* [THE TASK]: Among the records below, the line containing "this 1000×1000 image." marks the start. Output it and all lines after it exactly.

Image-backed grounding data
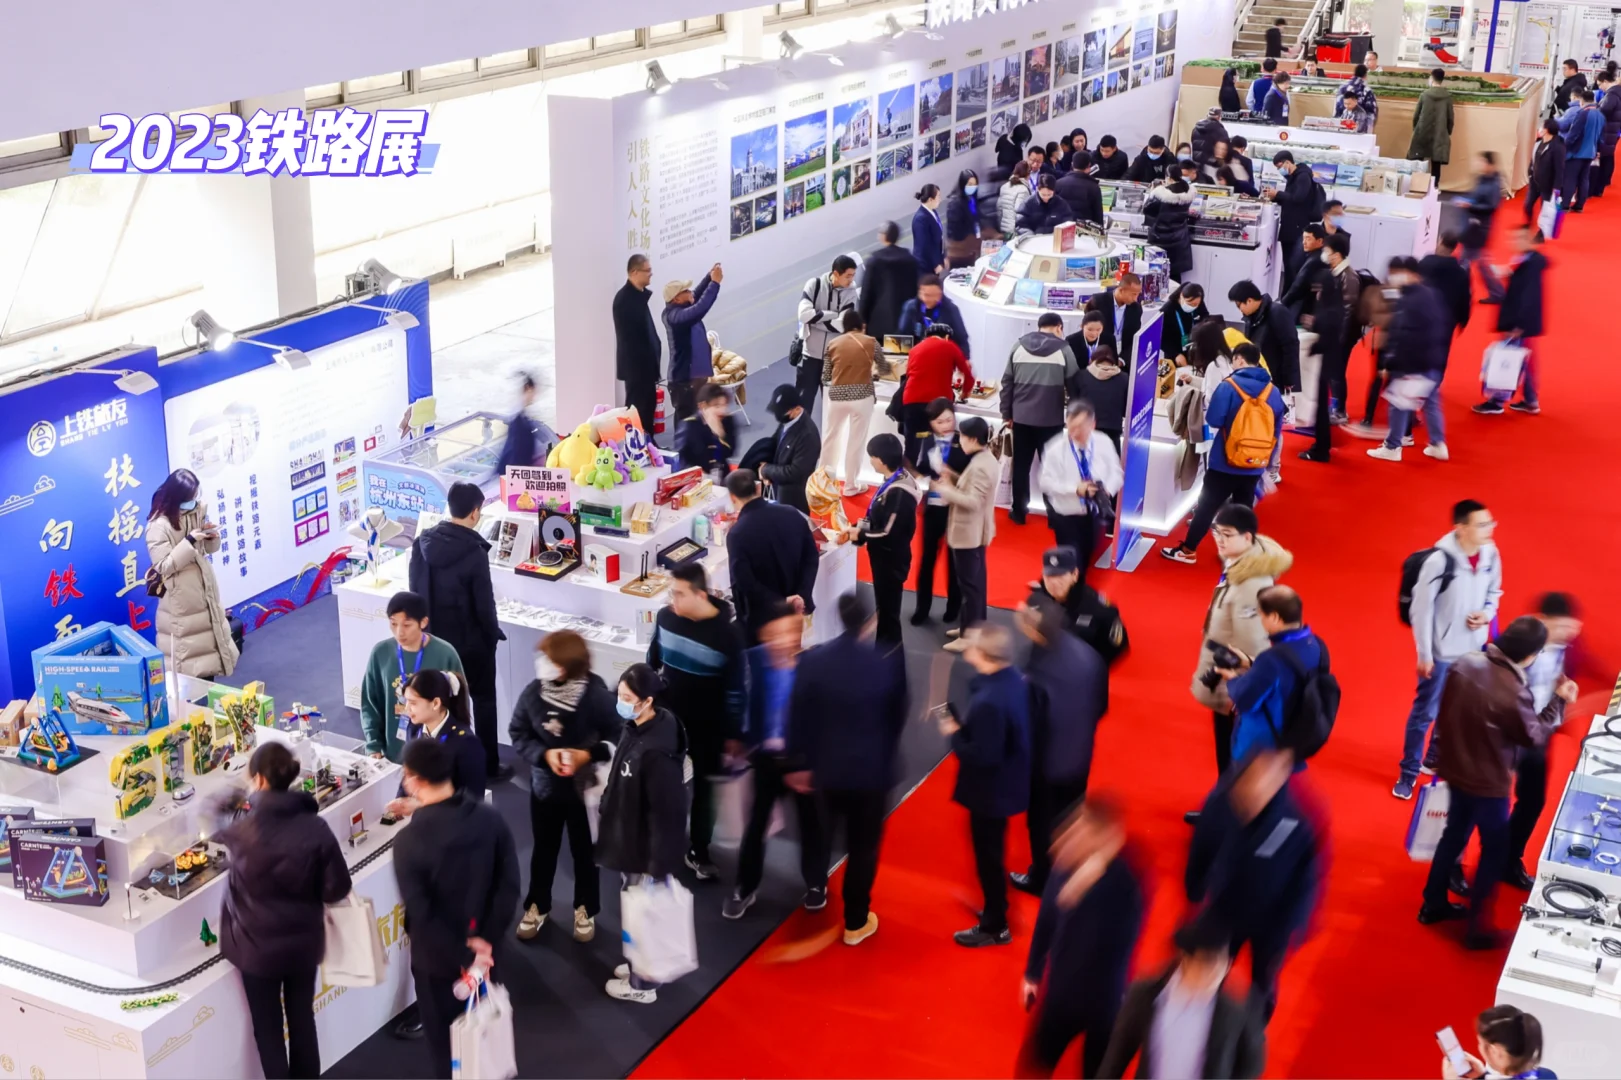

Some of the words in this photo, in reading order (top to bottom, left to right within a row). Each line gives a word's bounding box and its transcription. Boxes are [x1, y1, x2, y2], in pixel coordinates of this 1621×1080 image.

[639, 138, 652, 258] 铁路文化场
[510, 469, 552, 481] 天团驾到
[525, 480, 567, 492] 欢迎拍照
[369, 487, 425, 513] 杭州东站
[103, 454, 151, 631] 扶摇直上
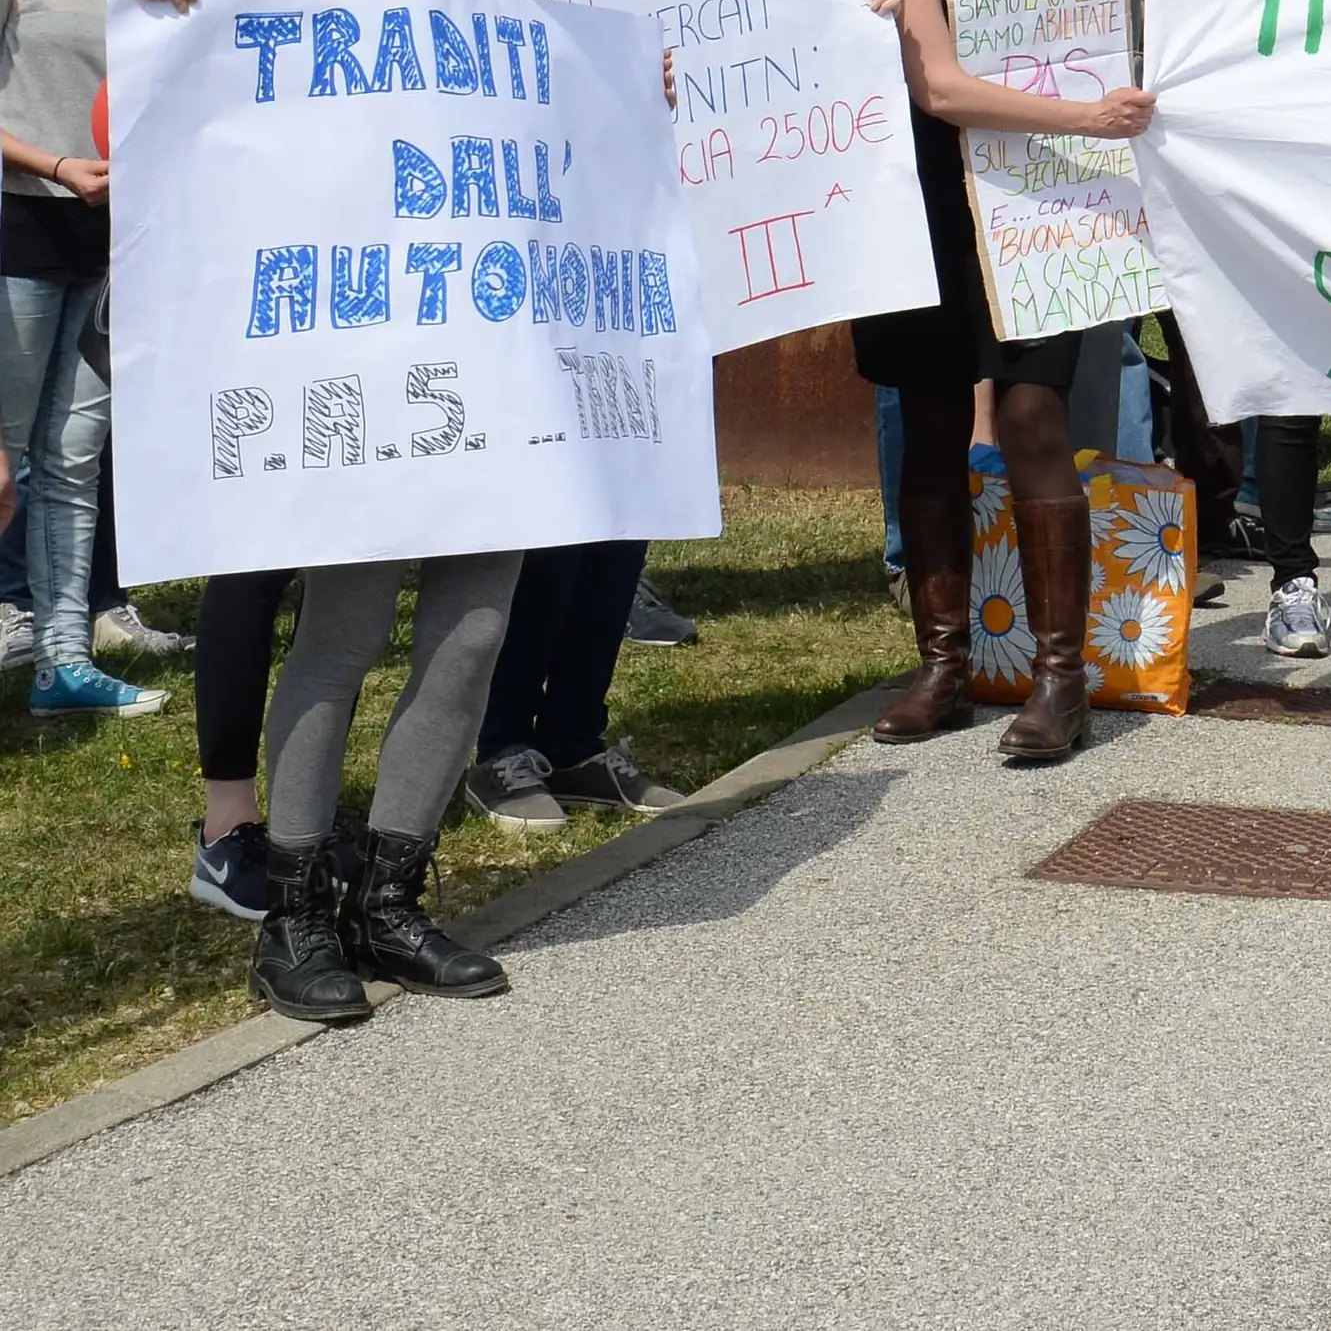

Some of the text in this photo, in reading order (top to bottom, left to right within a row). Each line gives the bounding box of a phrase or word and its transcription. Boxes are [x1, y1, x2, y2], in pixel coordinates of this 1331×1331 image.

[234, 7, 550, 105] TRADITI
[957, 0, 1123, 58] SIAMO ABILITATE
[756, 95, 893, 164] 2500€
[975, 139, 1014, 174] SUL
[393, 135, 572, 223] DALL'
[1002, 145, 1133, 197] SPECIALIZZATE
[1038, 196, 1076, 216] CON
[1084, 188, 1112, 210] LA
[246, 240, 677, 339] AUTONOMIA
[1010, 261, 1034, 294] A
[1043, 245, 1114, 289] CASA
[1011, 266, 1167, 337] MANDATE
[210, 361, 487, 480] P.A.S.
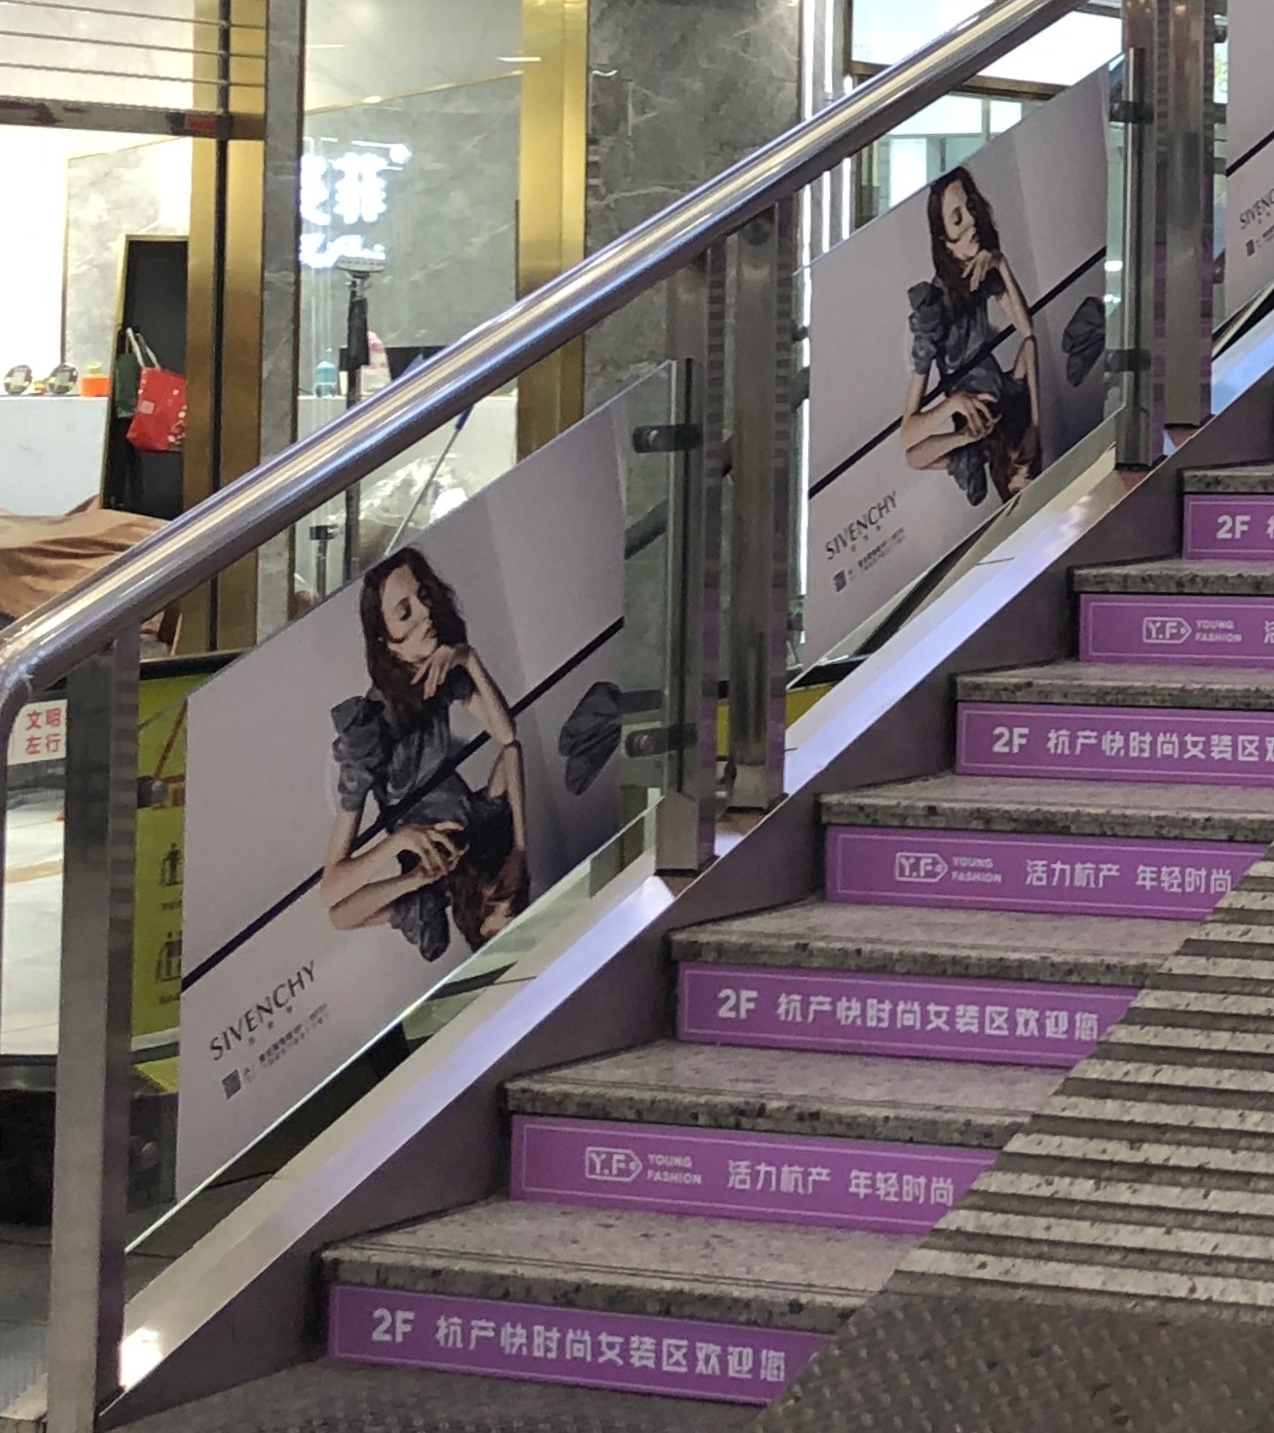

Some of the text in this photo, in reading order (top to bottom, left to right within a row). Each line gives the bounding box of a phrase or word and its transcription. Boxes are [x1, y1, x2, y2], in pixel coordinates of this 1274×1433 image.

[825, 490, 898, 560] SIVENCHY
[1217, 515, 1251, 540] 2F
[26, 707, 62, 730] 文明
[25, 732, 62, 756] 左行
[992, 727, 1029, 753] 2F
[1025, 860, 1232, 893] 活力杭产 年轻时尚
[210, 960, 317, 1061] SIVENCHY
[717, 990, 1098, 1041] 2F 杭产快时尚女装区欢迎您
[728, 1161, 954, 1206] 活力杭产 年轻时尚
[372, 1309, 786, 1382] 2F 杭产快时尚女装区欢迎您
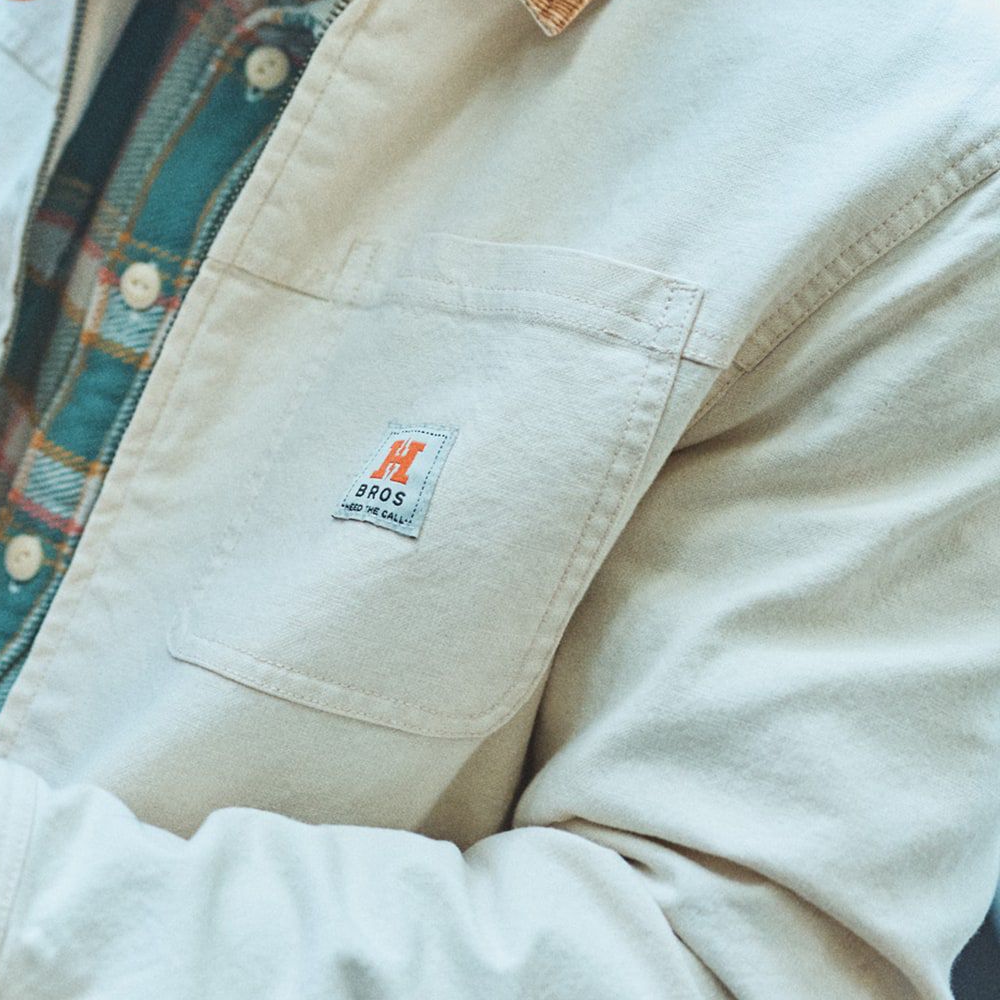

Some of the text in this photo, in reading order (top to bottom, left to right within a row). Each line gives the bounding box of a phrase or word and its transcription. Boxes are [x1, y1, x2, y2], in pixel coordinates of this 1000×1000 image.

[369, 438, 427, 485] H
[354, 483, 406, 507] BROS
[381, 509, 404, 525] CALL

* [EXERCISE SOLUTION]:
Some of the text in this photo, in reading order (top to bottom, left to right within a row). Each line gives the bounding box of a phrase or word and its transcription. Boxes are [x1, y1, x2, y2], in pixel coordinates of this 1000×1000 image.

[369, 438, 427, 485] H
[354, 483, 406, 507] BROS
[381, 509, 404, 525] CALL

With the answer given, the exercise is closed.